Myanmar, like all people, displays their own special traits of character. Myanmar means the Bamar as well as Kachin, Kayah, Chin, Mon, Rakhine and Shan major indigenous peoples and all the minor ones. Growing up together harmoniously and in solidarity, drinking the same water and eating the same cereals, they have developed the same tone and temper of character.
Burmese Character Traits
Step aside from the breathtaking natural landscape, what makes tourists in Myanmar tours fall in love immediately is the incredible friendliness, gentleness, and simple lifestyle of the Burmese people that even when you come back to your country, these memories will still be with you forever. Let’s find out more specific characteristics of them as below:
Myanmar people are friendly and are especially ready with a warm smile to welcome a foreign person. They have a genuine interest in a person as a person, not out of curiosity but from fellow-feeling. This feeling is reinforced by the notion generally held that people meet in this life because they had been friends in a previous life and that now is the chance to renew old friendships. Thus, any meeting of people starts from the basis of friendly feeling.

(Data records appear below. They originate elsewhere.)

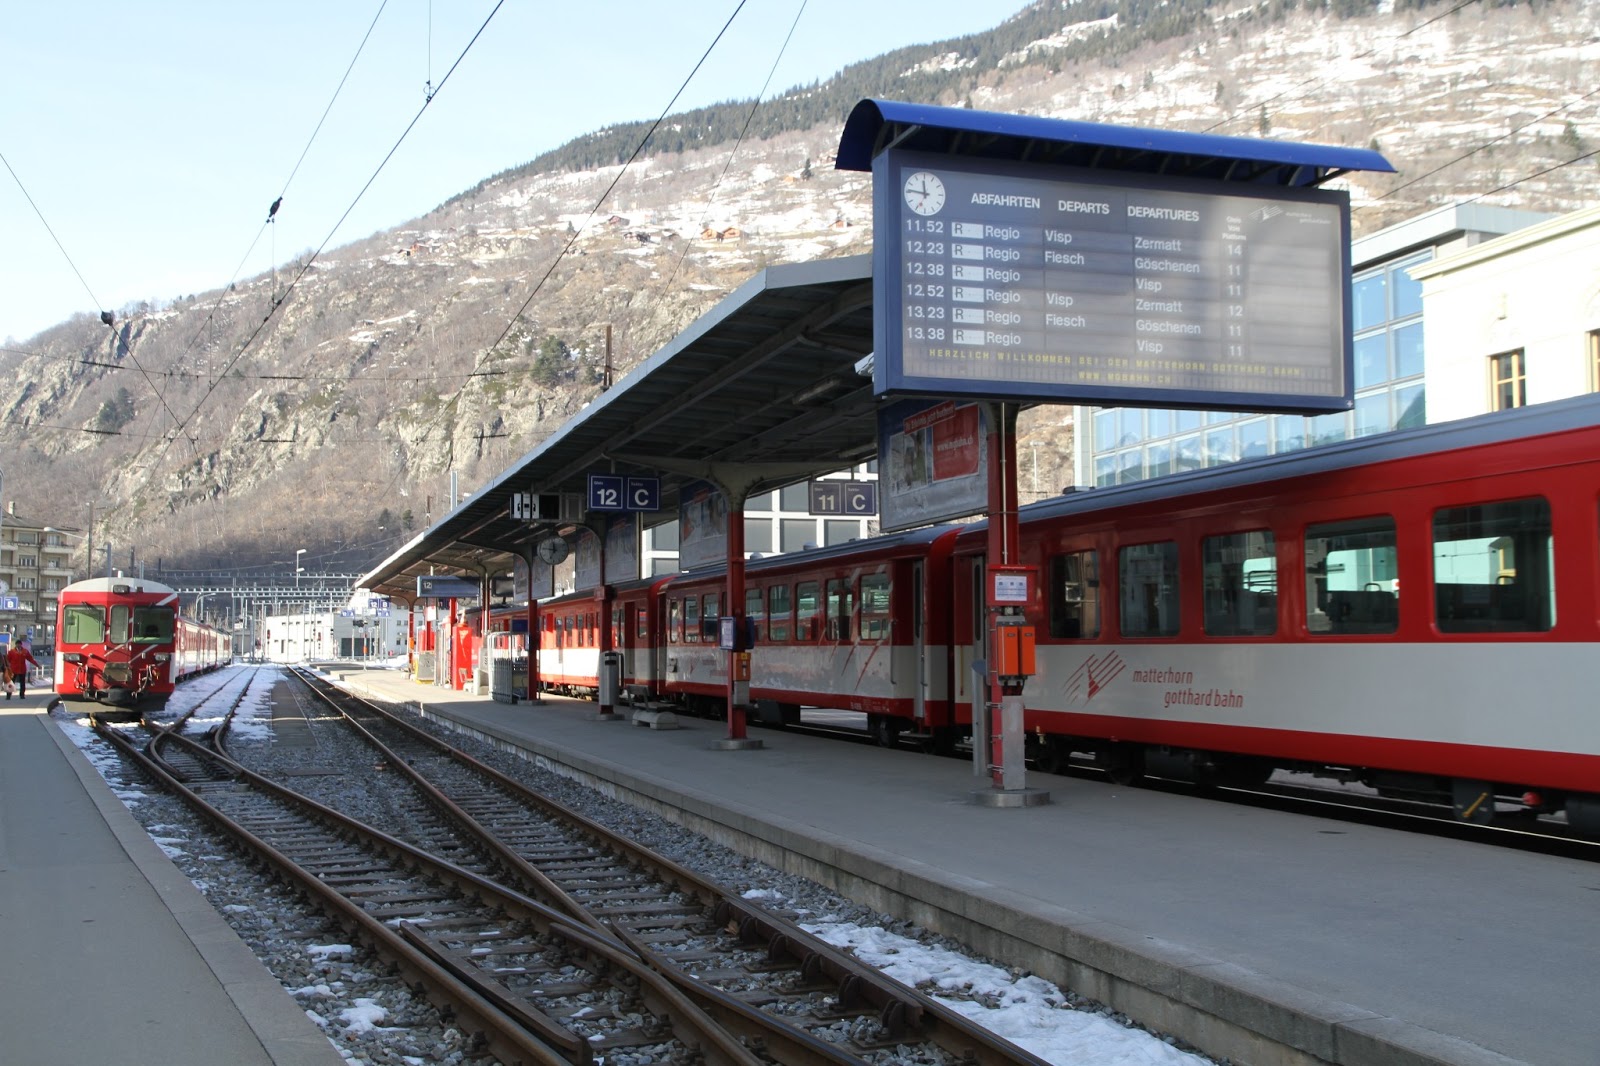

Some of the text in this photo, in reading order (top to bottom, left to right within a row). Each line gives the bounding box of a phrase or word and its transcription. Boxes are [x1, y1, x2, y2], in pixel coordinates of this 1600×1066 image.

[971, 192, 1199, 222] ABFAHRTEN DEPARTS DEPARTURES
[906, 219, 1242, 256] 11.52 R Regio Visp Zermatt 14
[906, 240, 1241, 276] 12.23 R Regio Fiesch Göschenen 11
[907, 262, 1241, 296] 12.38 R Regio Visp 11
[907, 284, 1243, 317] 12.52 R Regio Visp Zermatt 12
[907, 305, 1241, 337] 13.23 R Regio Fiesch Göschenen 11
[907, 327, 1242, 357] 13.38 R Regio Visp 11
[929, 349, 990, 360] HERZLICH
[997, 352, 1072, 364] WILLKOMMEN
[597, 488, 617, 506] 12
[634, 488, 649, 506] C
[818, 494, 835, 511] 11
[852, 494, 866, 511] C
[1132, 666, 1193, 684] matterhorn
[1164, 688, 1243, 708] gotthard bahn

Myanmar people exhibit a readiness to help. They may not articulate the question, “May I help you?”. They do not wish to be considered as interfering. But they stand by and are ready to step forward with a helping hand if asked. So do not hesitate to ask for help whenever you need it. They may not speak much English but most will understand what you want.

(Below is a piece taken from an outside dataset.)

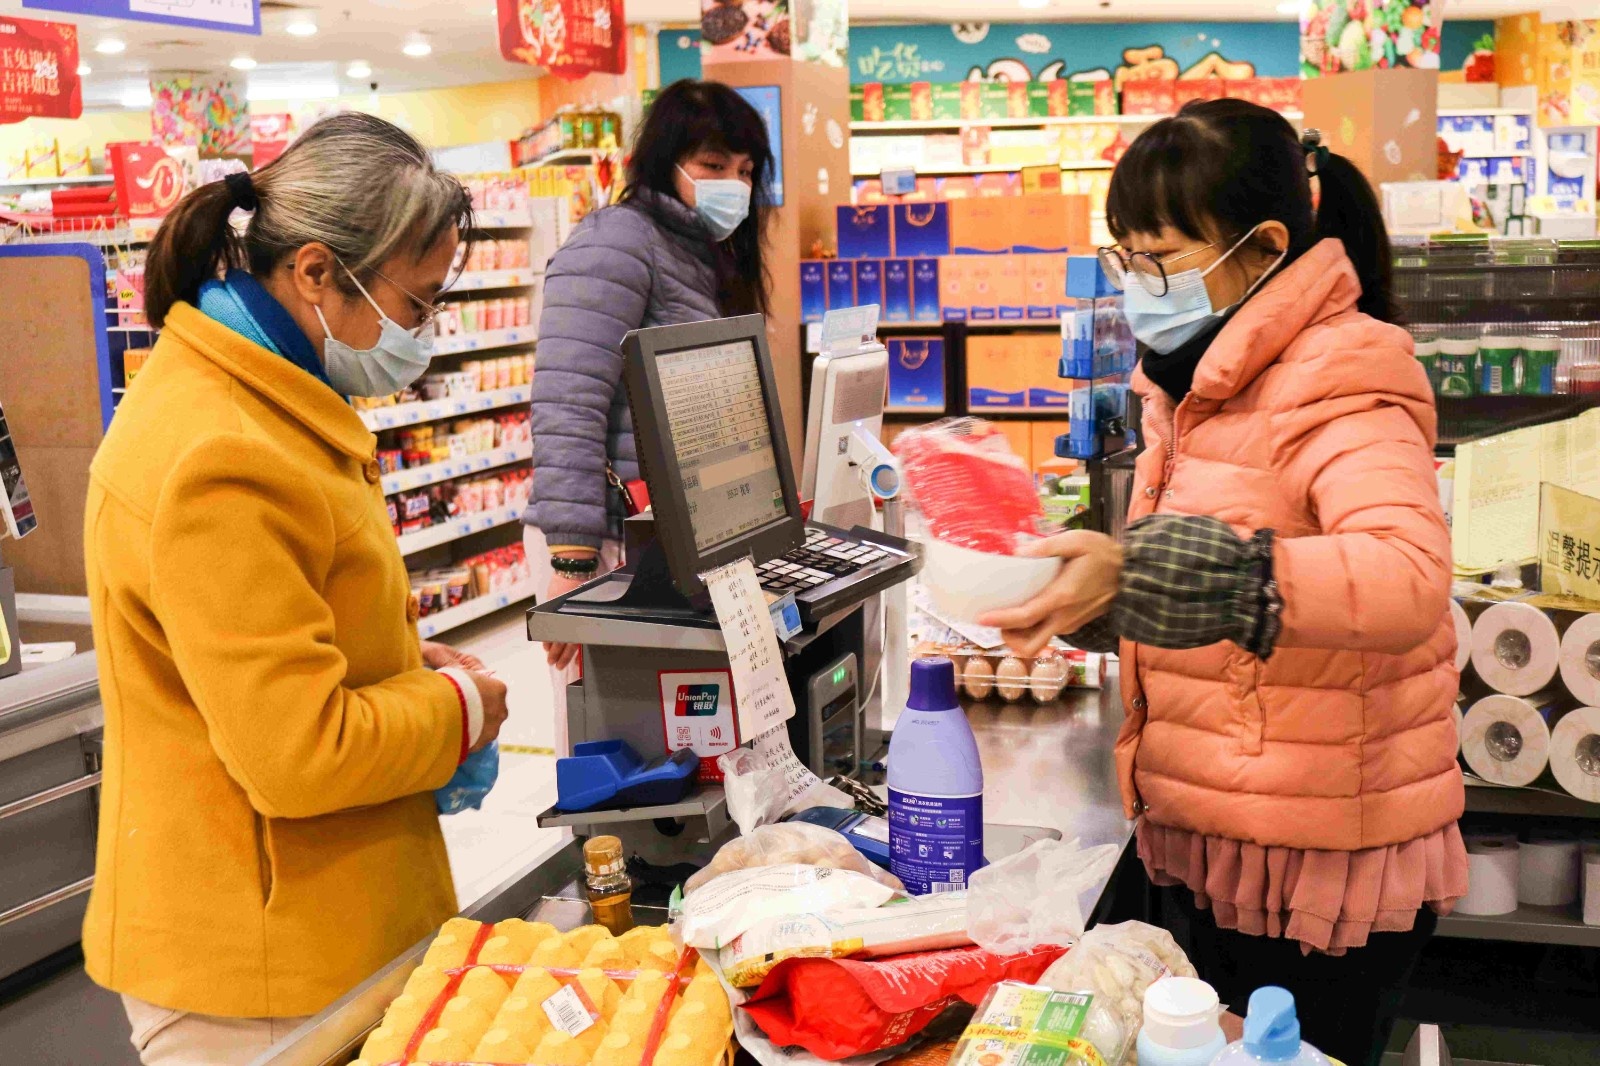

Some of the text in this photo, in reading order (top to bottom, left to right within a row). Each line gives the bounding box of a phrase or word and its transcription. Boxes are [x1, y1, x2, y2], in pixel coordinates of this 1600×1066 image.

[678, 692, 717, 703] UnionPay
[693, 702, 714, 711] 银联
[977, 1026, 1029, 1042] Special

Myanmar people are willing to wait patiently for something to happen. Not many generations away, perhaps only one, from the agricultural rhythm of the fields, they understand that things take time to grow and ripen. A saying on patience presents as illustration indigenous races who are great growers of tea. “If you would have tea of top quality, the Palaung must go slowly up the hill.” Brought up in a tradition which views the world in a long time perspective, the Burmese are naturally patient. Just as they are accommodating to people, they are accommodating to life.
Myanmar people are not easily aroused to anger by irritations and frustrations. They consider these pricks and jabs as part of daily life and wonder why anybody would want to get into a temper. This does not mean that the Burmese are placid. They do get disturbed; after all, they are human, but not to the extent of rushing into anger. Nor are they cold. They possess the positive feelings of sympathy and loving- kindness.
Myanmar people are a proud people. Their sense of pride is aroused when they are treated unfairly or in an overbearing manner. Treat a Myanmar fairly and he will serve you well, work hard for you. Treat him arrogantly or in a domineering manner or tone of voice and he will respond with insolence (tit for tat?) or obstinacy. He may even leave you, not caring for whatever pecuniary benefit association with you might have. Remember when you deal with a Myanmar you are dealing with a person who values obligations. These obligations are not one-directional but reciprocal such as the obligation of the son to parent and parent to son, wife to husband and husband to wife.
Specific Guides to Burmese People Names
You will find Myanmar names like U Ba Tin, Daw Khin Lay. The names cannot be divided into two parts: the given name and the family name. The whole thing is the given name. There is no family name.
The U is the prefix to the name of a man. Daw is the prefix to the name of a woman.
The prefixes for younger persons are Ko or Maung for male and Ma for female, as in Ko Ba Tin, Maung Ba Tin, and Ma Khin Lay.
The names without the prefixes would be Ba Tin, Khin Lay, which is sometimes used by senior per-sons addressing juniors or between familiars.
Don’t address a senior of age or status with Ko, Maung or Ma.
Don’t use the respectful U or Daw where Ko or Ma would suffice.
Remember too that the wife does not assume the husband’s name on marriage. She keeps her given name throughout.